====== Data to examine

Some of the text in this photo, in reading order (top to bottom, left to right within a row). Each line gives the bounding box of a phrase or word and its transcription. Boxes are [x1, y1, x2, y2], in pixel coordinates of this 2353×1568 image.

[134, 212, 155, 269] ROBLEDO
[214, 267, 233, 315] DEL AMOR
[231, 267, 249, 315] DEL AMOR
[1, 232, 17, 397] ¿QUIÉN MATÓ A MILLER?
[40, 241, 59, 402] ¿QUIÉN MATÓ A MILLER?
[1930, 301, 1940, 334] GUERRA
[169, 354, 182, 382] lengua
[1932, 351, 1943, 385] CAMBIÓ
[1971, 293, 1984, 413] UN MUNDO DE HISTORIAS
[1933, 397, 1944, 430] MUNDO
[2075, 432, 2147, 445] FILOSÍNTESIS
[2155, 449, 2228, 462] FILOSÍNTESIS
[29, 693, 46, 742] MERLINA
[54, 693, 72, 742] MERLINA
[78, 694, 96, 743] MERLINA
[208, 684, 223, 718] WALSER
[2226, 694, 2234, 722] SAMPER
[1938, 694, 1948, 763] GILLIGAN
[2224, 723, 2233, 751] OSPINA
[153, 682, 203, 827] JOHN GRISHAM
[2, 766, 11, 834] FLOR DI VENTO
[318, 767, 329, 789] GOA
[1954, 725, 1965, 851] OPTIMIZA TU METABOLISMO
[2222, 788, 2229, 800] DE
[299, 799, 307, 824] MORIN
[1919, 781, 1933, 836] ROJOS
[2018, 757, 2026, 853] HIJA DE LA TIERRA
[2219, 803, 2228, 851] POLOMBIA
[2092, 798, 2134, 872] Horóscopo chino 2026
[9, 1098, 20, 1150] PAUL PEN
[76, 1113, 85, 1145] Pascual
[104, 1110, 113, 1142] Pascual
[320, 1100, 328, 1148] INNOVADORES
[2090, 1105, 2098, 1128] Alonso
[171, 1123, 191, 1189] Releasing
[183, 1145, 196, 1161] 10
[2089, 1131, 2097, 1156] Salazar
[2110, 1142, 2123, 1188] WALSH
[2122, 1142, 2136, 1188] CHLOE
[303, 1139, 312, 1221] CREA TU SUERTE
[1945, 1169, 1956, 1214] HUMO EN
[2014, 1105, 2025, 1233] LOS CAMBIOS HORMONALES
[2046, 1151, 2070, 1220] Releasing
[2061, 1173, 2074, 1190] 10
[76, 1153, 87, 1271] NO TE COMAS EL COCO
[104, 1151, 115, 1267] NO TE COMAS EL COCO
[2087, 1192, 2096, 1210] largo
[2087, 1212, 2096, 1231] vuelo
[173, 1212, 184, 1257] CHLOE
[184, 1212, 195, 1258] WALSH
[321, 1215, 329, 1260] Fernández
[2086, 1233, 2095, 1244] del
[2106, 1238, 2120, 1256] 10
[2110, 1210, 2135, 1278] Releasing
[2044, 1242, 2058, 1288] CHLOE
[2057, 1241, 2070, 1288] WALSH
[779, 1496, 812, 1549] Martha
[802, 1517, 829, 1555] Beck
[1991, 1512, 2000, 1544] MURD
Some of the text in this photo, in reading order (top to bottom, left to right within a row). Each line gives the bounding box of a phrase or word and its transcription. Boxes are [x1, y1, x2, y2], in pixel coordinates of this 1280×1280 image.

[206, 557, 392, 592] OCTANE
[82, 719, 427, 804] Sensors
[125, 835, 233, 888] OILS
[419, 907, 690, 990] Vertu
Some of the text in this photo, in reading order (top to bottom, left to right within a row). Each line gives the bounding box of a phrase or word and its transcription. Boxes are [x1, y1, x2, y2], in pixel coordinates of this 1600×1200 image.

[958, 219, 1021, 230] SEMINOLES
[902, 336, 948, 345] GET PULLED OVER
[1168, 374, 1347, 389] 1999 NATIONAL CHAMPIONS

============

Requirement: The expected response consists solely of the lines from the one with "this 1280×1280 image." through the end of the records, repeated exactly.

Written reply:
Some of the text in this photo, in reading order (top to bottom, left to right within a row). Each line gives the bounding box of a phrase or word and its transcription. Boxes are [x1, y1, x2, y2], in pixel coordinates of this 1280×1280 image.

[206, 557, 392, 592] OCTANE
[82, 719, 427, 804] Sensors
[125, 835, 233, 888] OILS
[419, 907, 690, 990] Vertu
Some of the text in this photo, in reading order (top to bottom, left to right within a row). Each line gives the bounding box of a phrase or word and its transcription. Boxes are [x1, y1, x2, y2], in pixel coordinates of this 1600×1200 image.

[958, 219, 1021, 230] SEMINOLES
[902, 336, 948, 345] GET PULLED OVER
[1168, 374, 1347, 389] 1999 NATIONAL CHAMPIONS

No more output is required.